System One is seeking a highly skilled Sr. Cloud Engineer to support the daily operations and long-term reliability of their cloud-based infrastructure. This role is critical for ensuring uptime, performing proactive maintenance, troubleshooting issues and implementing fixes across cloud environments.
Responsibilities:
- Deploy applications across multiple environments (dev, staging, prod) and ensure consistency and stability
- Build reusable pipeline templates, jobs and stages for CI/CD consistency across teams
- Collaborate with developers to containerize and deploy applications using ECS and Lambda
- Configure GitLab Runners and manage environment-specific variables and secrets
- Define and deploy readiness and liveness probes for containers running in EKS/ECS
- Write custom scripts for CloudWatch custom metrics and alarms based on application specific probes
- Monitor deployments and system health using CloudWatch and other tools
- Implement rollback strategies and manage version control during deployments
- Troubleshoot and resolve deployment issues and improve pipeline performance and reliability
- Proficient with Python, Bash, YAML/JSON, Node.js, Lambda functions
- Perform daily health checks using AWS CLI or scheduled Lambda scripts to check health and log/report results
- Set up monitoring thresholds, dashboards, and metrics for application and infrastructure
- Perform root cause analysis and incident correlation using monitoring and performance analysis tools
- Maintain a central inventory of all licensed software deployed in AWS environments
- Maintain accurate documentation on infrastructure and procedures
- Patch assessment and maintenance of infrastructure software, to include third party software patches
- Develop a patch testing schedule and rollout plan to include rollback and recovery
- Create and manage change records. Participate in PI planning/ Agile ceremonies
- Keep cloud environments compliant with security standards and best practices
- Orchestrate failover and restoration of ECS/ EKS services, Lambda functions, databases and other infrastructure components
- Test and document regional failover playbooks and recovery runbooks
- Ensure compliance with RTO (Recovery Time Objective) and RPO (Recovery Point Objective) requirements
- Participate in on-call rotations to support 24/7 production systems and respond to incidents as they arise
Requirements:
- BA/BS in IT, Computer Science or related field (or equivalent work experience may be accepted in lieu of the degree
- 8+ years of IT experience. 5+ years of experience in cloud support, infrastructure maintenance or IT operations
- Experience with Infrastructure as Code (Terraform, CloudFormation)

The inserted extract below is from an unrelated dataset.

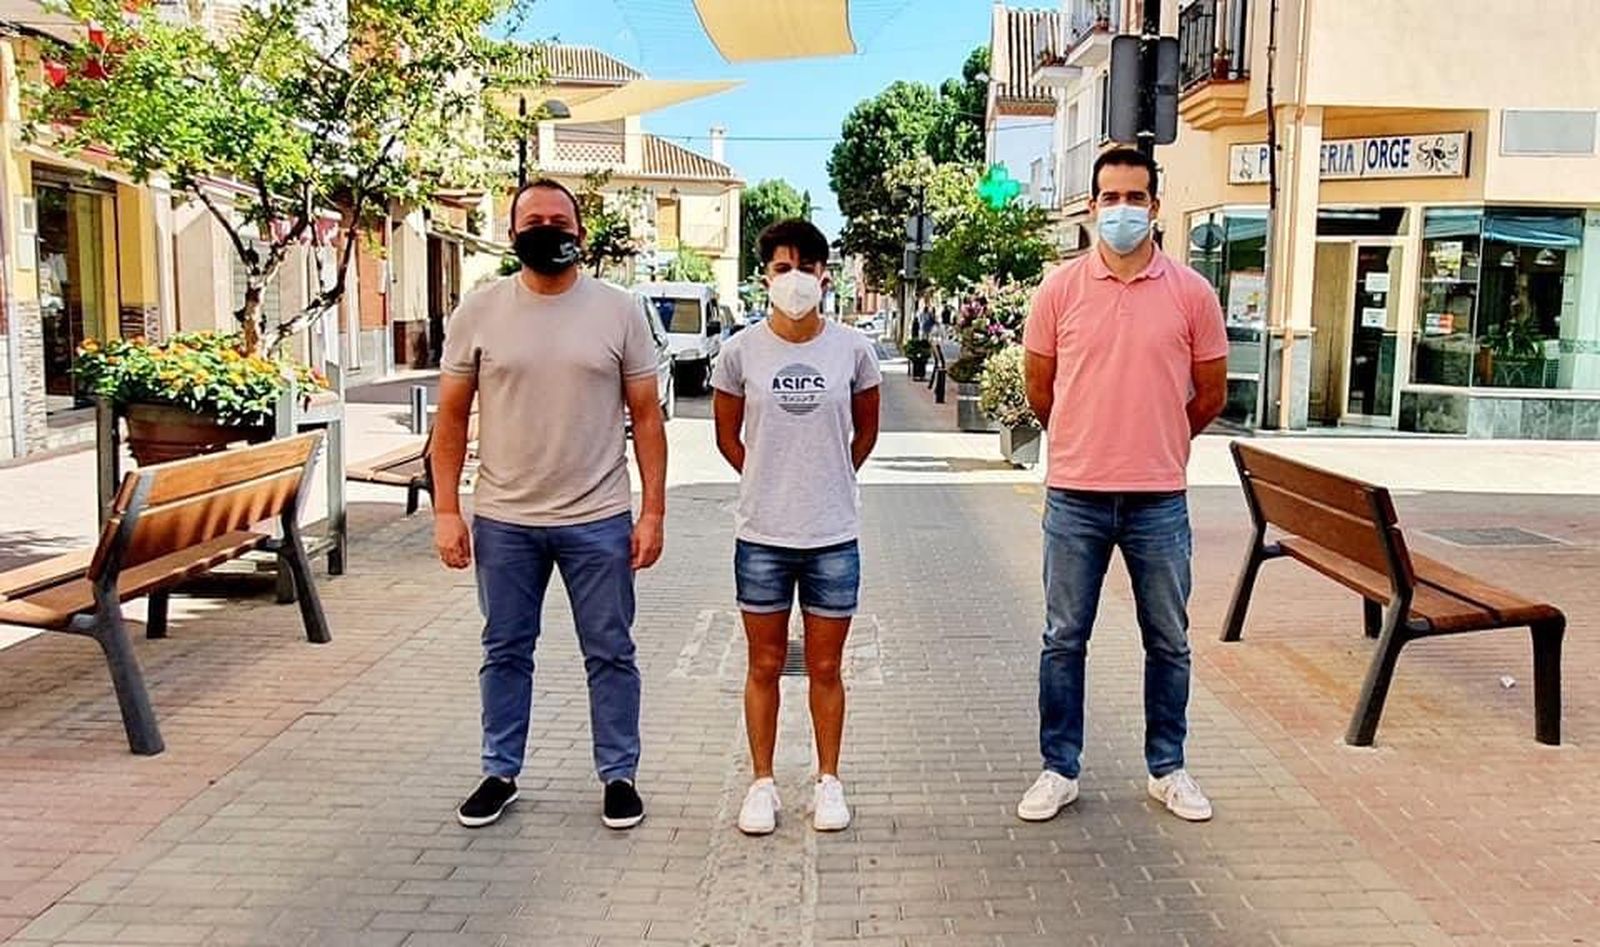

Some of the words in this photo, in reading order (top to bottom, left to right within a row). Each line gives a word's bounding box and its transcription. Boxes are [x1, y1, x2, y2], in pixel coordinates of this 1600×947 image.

- Strong proficiency in AWS Lambda (writing, deploying and, optimizing)
- Hands-on experience with CI/CD tools (GibHub, GitLab, EKS, Kubernettes, DevOps)
- Scripting skills for automation and maintenance tasks (Bash, Python)
- Cloud certifications (AWS DevOps Engineer, Solutions Architect Associate)
- Strong written and verbal communication skills for technical and non-technical stakeholders
- Excellent analytical and problem-solving skills
- Ability to diagnose performance issues in cloud environments
- Pre-check and post-check scripts for validating system health
- Familiarity with container orchestration (Docker, ECS, Kubernetes)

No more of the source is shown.